Data items →
---

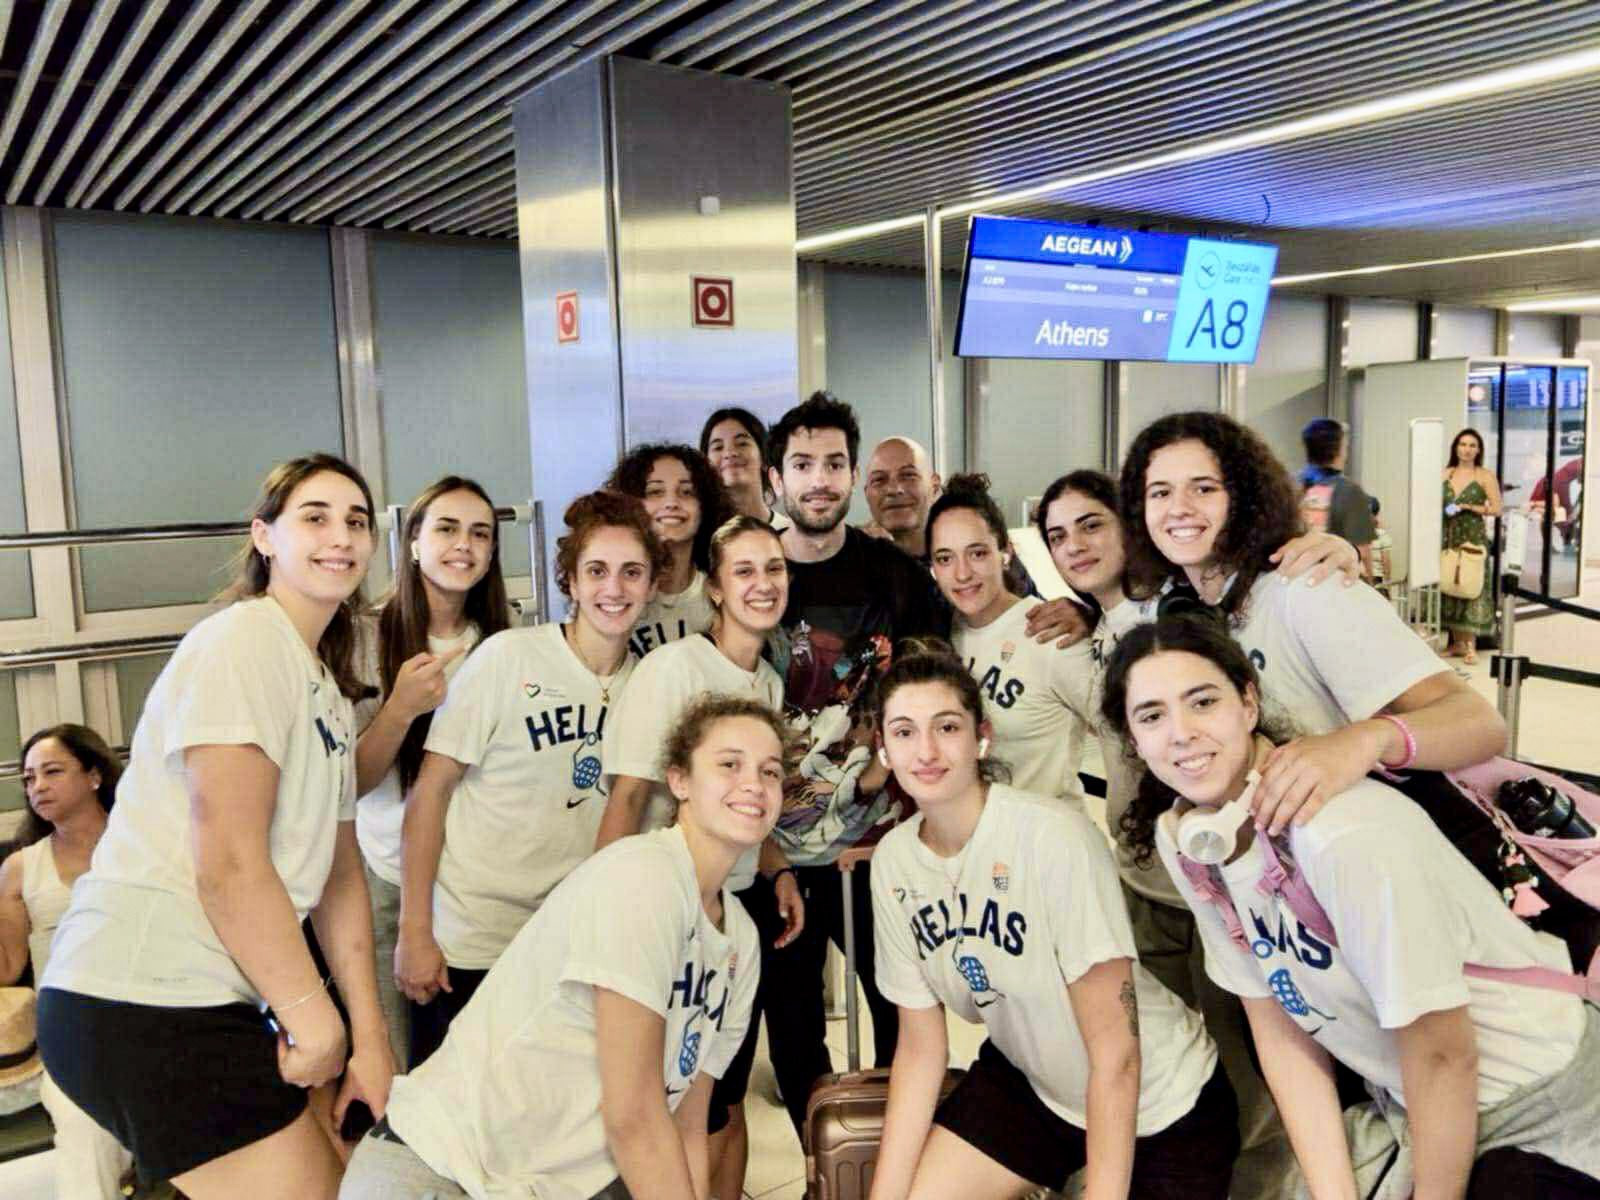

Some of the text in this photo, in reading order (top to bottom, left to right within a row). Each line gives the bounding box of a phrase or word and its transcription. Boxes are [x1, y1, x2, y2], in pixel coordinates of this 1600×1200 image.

[1041, 234, 1117, 257] AEGEAN
[1034, 319, 1109, 347] Athens
[1185, 297, 1249, 350] A8
[909, 893, 1027, 957] HELLAS
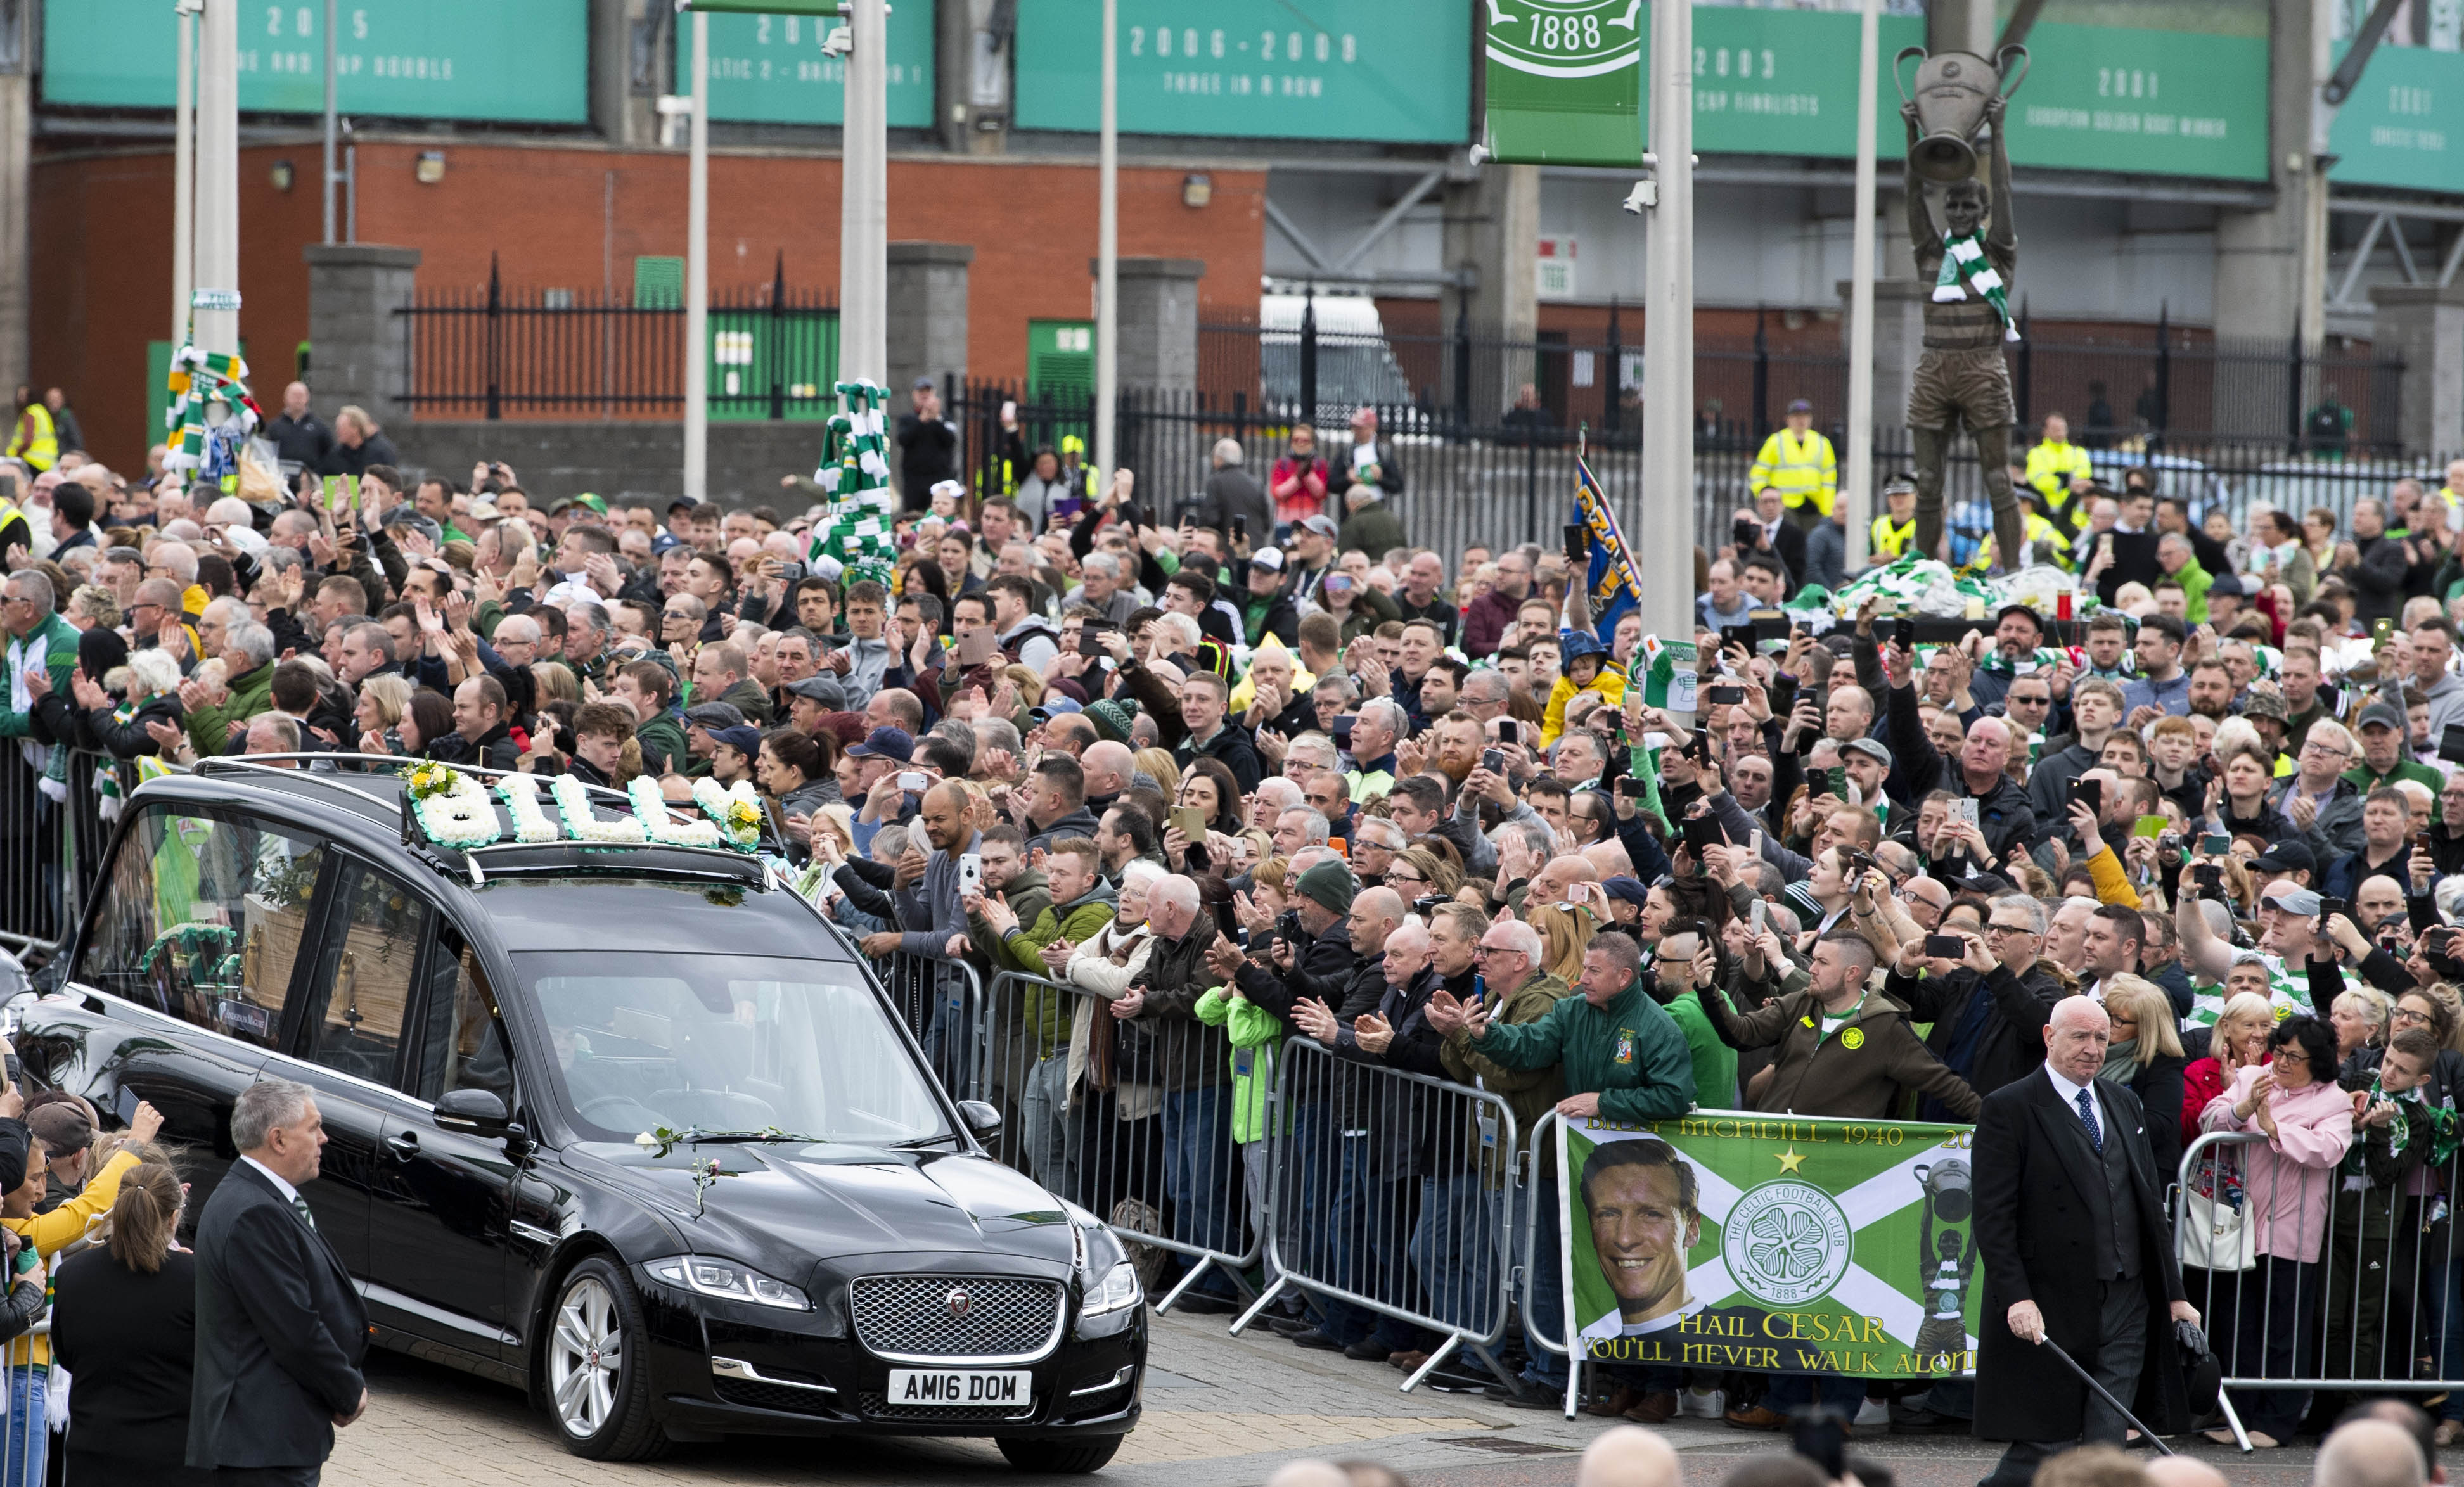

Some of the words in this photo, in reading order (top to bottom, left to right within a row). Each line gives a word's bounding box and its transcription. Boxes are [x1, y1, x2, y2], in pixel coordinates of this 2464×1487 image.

[267, 6, 368, 39] 205
[757, 13, 847, 45] 201
[1530, 13, 1601, 51] 1888
[1131, 26, 1225, 58] 2006
[337, 53, 363, 75] UP
[373, 54, 452, 80] DOUBLE
[1694, 46, 1774, 79] 2003
[1164, 70, 1221, 94] THREE
[1230, 73, 1252, 96] IN
[1261, 74, 1273, 96] A
[1281, 75, 1323, 97] ROW
[2098, 67, 2157, 99] 2001
[1697, 90, 1728, 113] CUP
[1734, 91, 1819, 117] FINALISTS
[415, 773, 760, 853] BILLY
[225, 1009, 247, 1023] ANDERSON
[1680, 1119, 1828, 1143] MCNEILL
[1842, 1125, 1904, 1146] 1940
[1729, 1218, 1745, 1242] THE
[1738, 1190, 1773, 1220] CELTIC
[1776, 1187, 1832, 1218] FOOTBALL
[1828, 1216, 1845, 1248] CLUB
[1771, 1287, 1798, 1299] 1888
[1678, 1312, 1754, 1338] HAIL
[1762, 1311, 1889, 1344] CESAR
[1581, 1336, 1671, 1362] YOU'LL
[1683, 1343, 1782, 1369] NEVER
[1795, 1349, 1883, 1374] WALK
[904, 1374, 961, 1401] AM16
[968, 1375, 1017, 1401] DOM

---

TASK STATEMENT →
Exactly as they stand, retype all the entries, but omit the pictures.

SOLUTION TO THE EXERCISE →
Some of the text in this photo, in reading order (top to bottom, left to right within a row). Each line gives the bounding box of a phrase or word and its transcription. Boxes are [x1, y1, x2, y2], in pixel coordinates of this 1600×1200 image.

[1041, 234, 1117, 257] AEGEAN
[1034, 319, 1109, 347] Athens
[1185, 297, 1249, 350] A8
[909, 893, 1027, 957] HELLAS

Some of the words in this photo, in reading order (top to bottom, left to right within a row). Each line gives a word's bounding box and its transcription. Boxes are [x1, y1, x2, y2], in pixel coordinates of this 2464×1487 image.

[267, 6, 368, 39] 205
[757, 13, 847, 45] 201
[1530, 13, 1601, 51] 1888
[1131, 26, 1225, 58] 2006
[337, 53, 363, 75] UP
[373, 54, 452, 80] DOUBLE
[1694, 46, 1774, 79] 2003
[1164, 70, 1221, 94] THREE
[1230, 73, 1252, 96] IN
[1261, 74, 1273, 96] A
[1281, 75, 1323, 97] ROW
[2098, 67, 2157, 99] 2001
[1697, 90, 1728, 113] CUP
[1734, 91, 1819, 117] FINALISTS
[415, 773, 760, 853] BILLY
[225, 1009, 247, 1023] ANDERSON
[1680, 1119, 1828, 1143] MCNEILL
[1842, 1125, 1904, 1146] 1940
[1729, 1218, 1745, 1242] THE
[1738, 1190, 1773, 1220] CELTIC
[1776, 1187, 1832, 1218] FOOTBALL
[1828, 1216, 1845, 1248] CLUB
[1771, 1287, 1798, 1299] 1888
[1678, 1312, 1754, 1338] HAIL
[1762, 1311, 1889, 1344] CESAR
[1581, 1336, 1671, 1362] YOU'LL
[1683, 1343, 1782, 1369] NEVER
[1795, 1349, 1883, 1374] WALK
[904, 1374, 961, 1401] AM16
[968, 1375, 1017, 1401] DOM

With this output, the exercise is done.